La lista di giocatori non statunitensi ad aver mai giocato nella migliore lega del mondo da cui abbiamo attinto per stilare la nostra classifica è piena delle più diverse e particolari storie.
C’è chi, come Enes Kanter e Vlade Divac, oltre che sul parquet ha lasciato il segno anche al di fuori: il turco si è distinto per il suo attivismo politico in opposizione al leader Erdoğan tanto da arrivare a cambiare il proprio nome in Enes Kanter Freedom; il serbo invece, dopo quindici stagioni da giocatore, è passato dietro la scrivania diventando vicepresidente e general manager dei Sacramento Kings.

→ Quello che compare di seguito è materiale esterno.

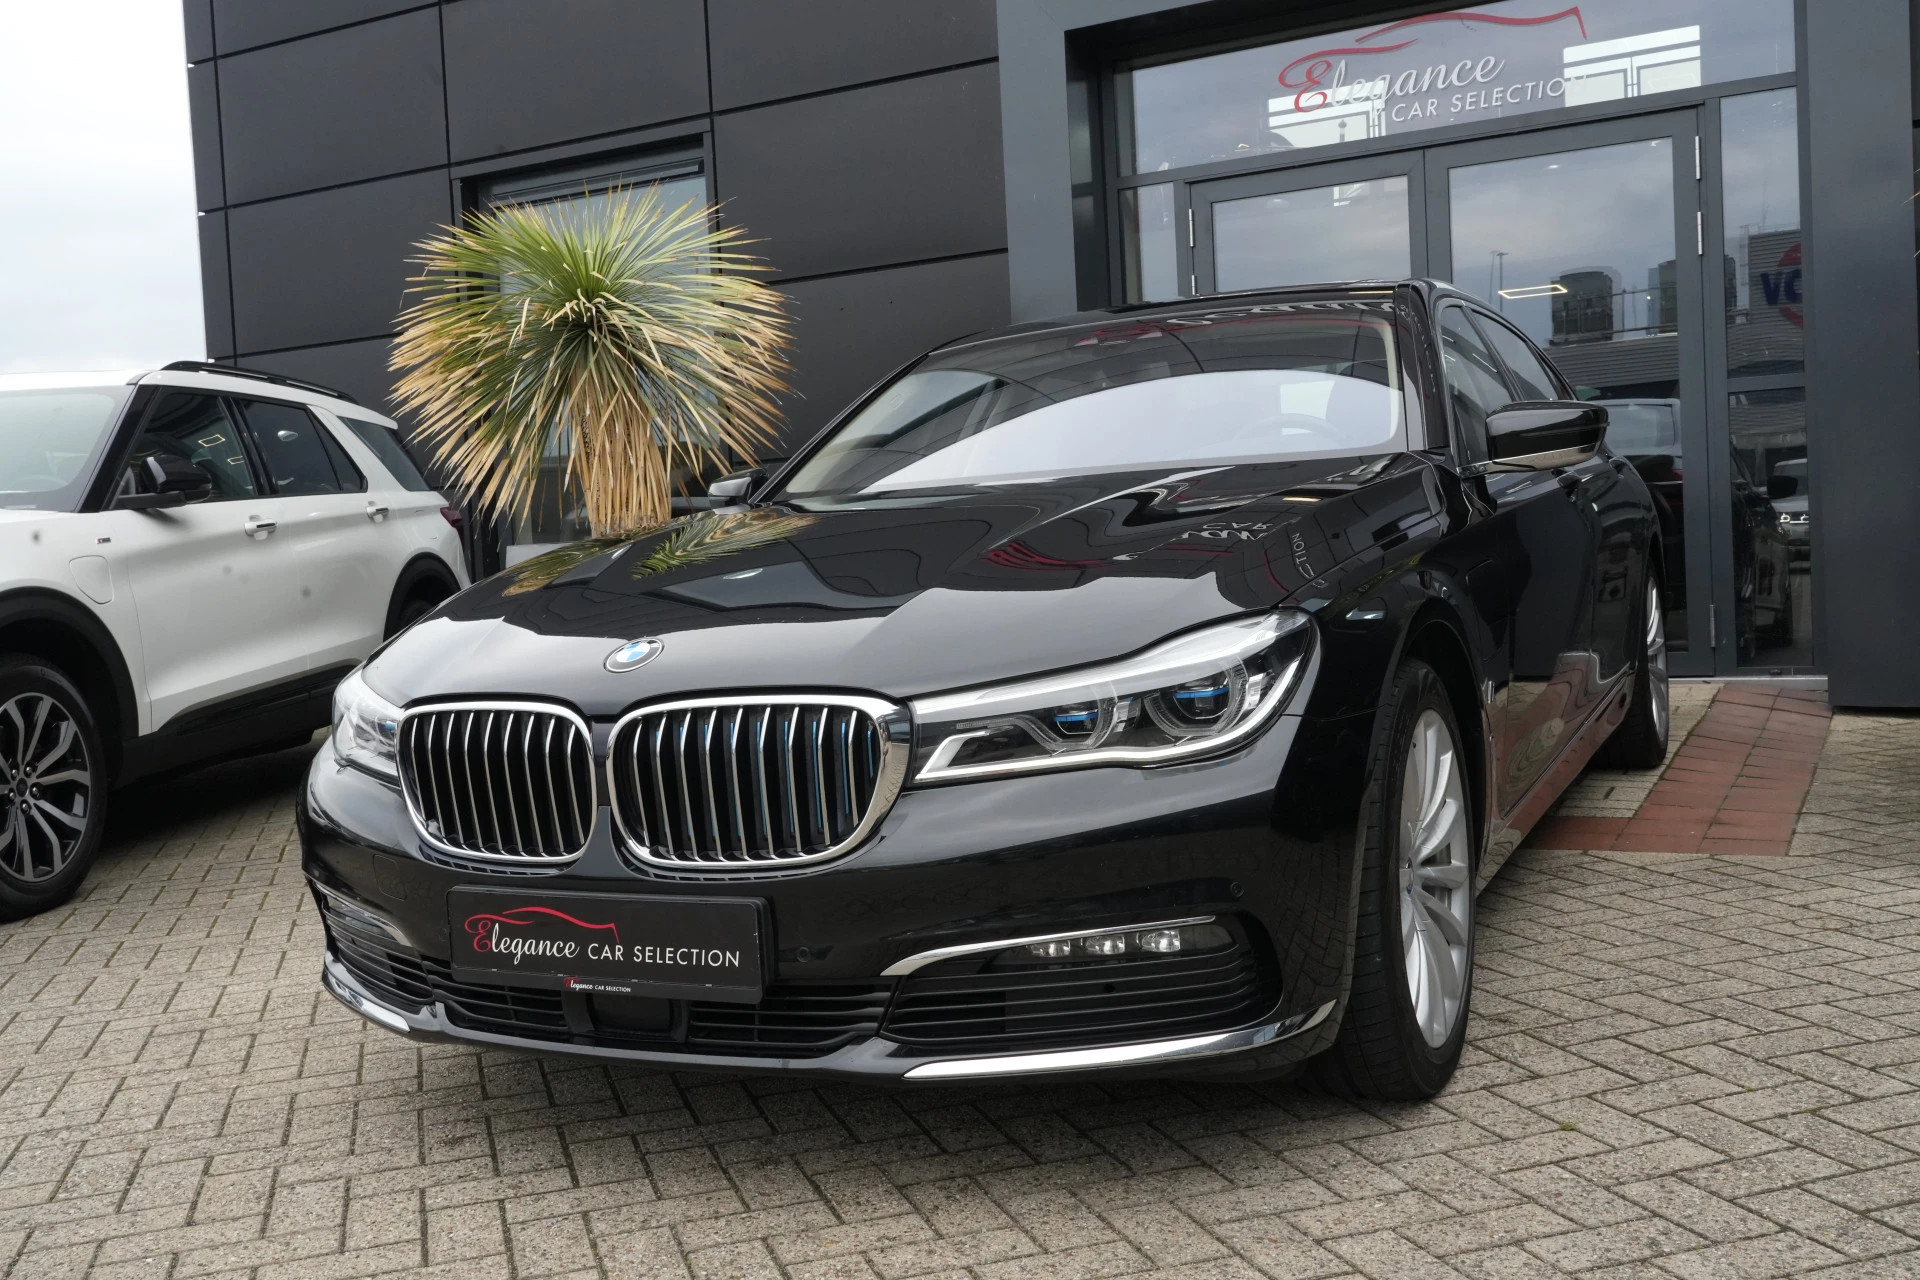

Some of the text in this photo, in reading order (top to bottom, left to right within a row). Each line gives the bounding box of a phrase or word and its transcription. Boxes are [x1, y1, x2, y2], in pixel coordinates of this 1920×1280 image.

Come non menzionare poi la schiera di italiani che dal Bel Paese è partita nel tentativo di conquistare l’America. Escludendo gli italo-americani Mike D’Antoni, Travis Diener, Alex Acker e Ryan Arcidiacono, si parte dalla stagione 1995-96 quando Vincenzo Esposito e Stefano Rusconi collezionarono rispettivamente 30 presente con i Raptors e 7 con i Suns. In anni più recenti, sia Luigi Datome che Nicolò Melli hanno lasciato i più alti livelli dell’Eurolega tentando fortuna Oltreoceano per poi tornare nel Vecchio Continente. A lasciare il segno in NBA sono stati però sicuramente Andrea Bargnani, Danilo Gallinari e Marco Belinelli. Il “Mago”, primo giocatore europeo ad essere selezionato al Draft con la prima scelta assoluta nel 2006, ha trascorso ben dieci anni negli USA per poi concludere, forse prematuramente, la propria carriera di giocatore e ritirarsi a vita privata. Il “Beli“, che nei suoi tredici anni in NBA ha girato ben nove franchigie, è tutt’ora l’unico italiano ad essere riuscito a conquistare, oltre che l’NBA Three Point Shootout, un titolo NBA nel 2014 con i San Antonio Spurs. Il “Gallo” invece, nonostante i suoi frequenti problemi fisici, è stato l’italiano che ha ottenuto più fortuna, economicamente parlando, nella lega, riuscendo a strappare contratti da oltre 20 milioni a stagione. Ultimo italiano ad approdare in NBA, ma solo per ordine cronologico, il giovane Nico Mannion che in estate ha fatto le fortune della nazionale azzurra guidata da coach Sacchetti alle Olimpiadi di Tokyo 2021.
Le esperienze dei giocatori non statunitensi in NBA non sono sempre rose e fiori però. Alle stelle menzionate fino ad ora, si contrappongono altri giocatori meno fortunati: uno su tutti, Anthony Bennett. Primo canadese a riuscire nell’impresa di essere selezionato con la prima scelta al Draft, Bennett ha avuto un impatto disastroso nella lega e fin da subito è stato etichettato come una delle peggiori prime scelte di sempre. Dopo anni passati a girovagare per diverse franchigie NBA che facevano a gara per liberarsene, attualmente Bennett ha definitivamente abbandonato i suoi sogni di gloria in NBA ed è appena stato tagliato dall’Hapoel Gerusalemme.
In una lega a trazione statunitense, insomma, gli stranieri non sempre riescono a prendersi la scena. Sebbene, come abbiamo visto, negli anni il numero di giocatori provenienti da ogni parte del globo presenti ai nastri di partenza della NBA sia aumentato esponenzialmente, la migliore lega del mondo resta ancora una montagna molto alta da scalare per chi è nato fuori dai confini a stelle e strisce. Come testimonia però la nostra Top 10, c’è chi con il talento, il duro lavoro e la costanza riesce a raggiungere lo status di superstar e a volte anche a sopraffare gli americani in casa loro. Tra i vari Jokić, Dončić, Antetokounmpo e i futuri non-USA che colonizzeranno la lega però, siamo sicuri che negli anni a venire la NBA diventerà ancor di più un campionato a trazione globale e non solo statunitense.